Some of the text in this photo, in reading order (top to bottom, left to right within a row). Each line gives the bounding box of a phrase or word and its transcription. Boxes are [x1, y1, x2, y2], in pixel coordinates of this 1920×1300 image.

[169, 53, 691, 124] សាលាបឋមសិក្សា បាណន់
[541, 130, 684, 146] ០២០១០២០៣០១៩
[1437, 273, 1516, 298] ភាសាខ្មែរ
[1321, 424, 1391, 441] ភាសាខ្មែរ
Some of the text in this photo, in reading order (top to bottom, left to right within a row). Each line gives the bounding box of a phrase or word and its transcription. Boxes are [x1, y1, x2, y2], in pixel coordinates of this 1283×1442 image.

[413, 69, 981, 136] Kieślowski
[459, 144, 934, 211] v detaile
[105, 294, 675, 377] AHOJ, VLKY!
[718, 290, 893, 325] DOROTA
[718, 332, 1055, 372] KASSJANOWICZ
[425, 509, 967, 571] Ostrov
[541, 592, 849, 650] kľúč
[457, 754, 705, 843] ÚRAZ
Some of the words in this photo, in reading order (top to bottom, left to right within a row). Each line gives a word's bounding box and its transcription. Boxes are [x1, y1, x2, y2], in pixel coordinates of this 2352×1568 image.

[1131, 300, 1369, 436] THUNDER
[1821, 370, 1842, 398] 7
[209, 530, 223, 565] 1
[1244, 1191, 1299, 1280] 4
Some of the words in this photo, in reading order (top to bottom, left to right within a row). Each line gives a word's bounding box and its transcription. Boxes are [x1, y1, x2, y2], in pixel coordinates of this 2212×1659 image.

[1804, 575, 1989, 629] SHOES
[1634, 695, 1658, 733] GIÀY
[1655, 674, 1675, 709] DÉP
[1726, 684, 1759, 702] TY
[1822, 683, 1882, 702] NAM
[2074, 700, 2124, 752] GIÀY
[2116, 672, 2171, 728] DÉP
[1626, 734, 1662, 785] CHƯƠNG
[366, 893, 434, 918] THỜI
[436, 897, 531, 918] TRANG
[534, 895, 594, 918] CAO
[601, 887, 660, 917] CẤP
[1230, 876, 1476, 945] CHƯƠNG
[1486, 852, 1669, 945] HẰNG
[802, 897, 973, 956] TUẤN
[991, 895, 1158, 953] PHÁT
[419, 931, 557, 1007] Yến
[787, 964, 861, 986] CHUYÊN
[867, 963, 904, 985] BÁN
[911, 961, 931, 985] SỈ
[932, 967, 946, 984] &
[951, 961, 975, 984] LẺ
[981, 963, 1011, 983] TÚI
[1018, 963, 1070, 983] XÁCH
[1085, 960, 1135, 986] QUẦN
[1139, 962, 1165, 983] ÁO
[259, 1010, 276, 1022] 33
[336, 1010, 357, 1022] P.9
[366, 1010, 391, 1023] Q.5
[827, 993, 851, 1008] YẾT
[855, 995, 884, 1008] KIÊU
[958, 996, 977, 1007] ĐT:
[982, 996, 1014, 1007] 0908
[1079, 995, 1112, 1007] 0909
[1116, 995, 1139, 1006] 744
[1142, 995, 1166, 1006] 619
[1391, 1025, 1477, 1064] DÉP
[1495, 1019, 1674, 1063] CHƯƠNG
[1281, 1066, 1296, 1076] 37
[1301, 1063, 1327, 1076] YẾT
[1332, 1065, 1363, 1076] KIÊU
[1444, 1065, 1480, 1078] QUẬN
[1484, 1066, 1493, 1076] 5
● ● ●
● **WHAT YOU WILL DO**
What you should do is return the records above exactly, leaving nothing out.

● **REPLY**
Some of the text in this photo, in reading order (top to bottom, left to right within a row). Each line gives the bounding box of a phrase or word and its transcription. Boxes are [x1, y1, x2, y2], in pixel coordinates of this 1920×1300 image.

[169, 53, 691, 124] សាលាបឋមសិក្សា បាណន់
[541, 130, 684, 146] ០២០១០២០៣០១៩
[1437, 273, 1516, 298] ភាសាខ្មែរ
[1321, 424, 1391, 441] ភាសាខ្មែរ
Some of the text in this photo, in reading order (top to bottom, left to right within a row). Each line gives the bounding box of a phrase or word and its transcription. Boxes are [x1, y1, x2, y2], in pixel coordinates of this 1283×1442 image.

[413, 69, 981, 136] Kieślowski
[459, 144, 934, 211] v detaile
[105, 294, 675, 377] AHOJ, VLKY!
[718, 290, 893, 325] DOROTA
[718, 332, 1055, 372] KASSJANOWICZ
[425, 509, 967, 571] Ostrov
[541, 592, 849, 650] kľúč
[457, 754, 705, 843] ÚRAZ
Some of the words in this photo, in reading order (top to bottom, left to right within a row). Each line gives a word's bounding box and its transcription. Boxes are [x1, y1, x2, y2], in pixel coordinates of this 2352×1568 image.

[1131, 300, 1369, 436] THUNDER
[1821, 370, 1842, 398] 7
[209, 530, 223, 565] 1
[1244, 1191, 1299, 1280] 4
Some of the words in this photo, in reading order (top to bottom, left to right within a row). Each line gives a word's bounding box and its transcription. Boxes are [x1, y1, x2, y2], in pixel coordinates of this 2212×1659 image.

[1804, 575, 1989, 629] SHOES
[1634, 695, 1658, 733] GIÀY
[1655, 674, 1675, 709] DÉP
[1726, 684, 1759, 702] TY
[1822, 683, 1882, 702] NAM
[2074, 700, 2124, 752] GIÀY
[2116, 672, 2171, 728] DÉP
[1626, 734, 1662, 785] CHƯƠNG
[366, 893, 434, 918] THỜI
[436, 897, 531, 918] TRANG
[534, 895, 594, 918] CAO
[601, 887, 660, 917] CẤP
[1230, 876, 1476, 945] CHƯƠNG
[1486, 852, 1669, 945] HẰNG
[802, 897, 973, 956] TUẤN
[991, 895, 1158, 953] PHÁT
[419, 931, 557, 1007] Yến
[787, 964, 861, 986] CHUYÊN
[867, 963, 904, 985] BÁN
[911, 961, 931, 985] SỈ
[932, 967, 946, 984] &
[951, 961, 975, 984] LẺ
[981, 963, 1011, 983] TÚI
[1018, 963, 1070, 983] XÁCH
[1085, 960, 1135, 986] QUẦN
[1139, 962, 1165, 983] ÁO
[259, 1010, 276, 1022] 33
[336, 1010, 357, 1022] P.9
[366, 1010, 391, 1023] Q.5
[827, 993, 851, 1008] YẾT
[855, 995, 884, 1008] KIÊU
[958, 996, 977, 1007] ĐT:
[982, 996, 1014, 1007] 0908
[1079, 995, 1112, 1007] 0909
[1116, 995, 1139, 1006] 744
[1142, 995, 1166, 1006] 619
[1391, 1025, 1477, 1064] DÉP
[1495, 1019, 1674, 1063] CHƯƠNG
[1281, 1066, 1296, 1076] 37
[1301, 1063, 1327, 1076] YẾT
[1332, 1065, 1363, 1076] KIÊU
[1444, 1065, 1480, 1078] QUẬN
[1484, 1066, 1493, 1076] 5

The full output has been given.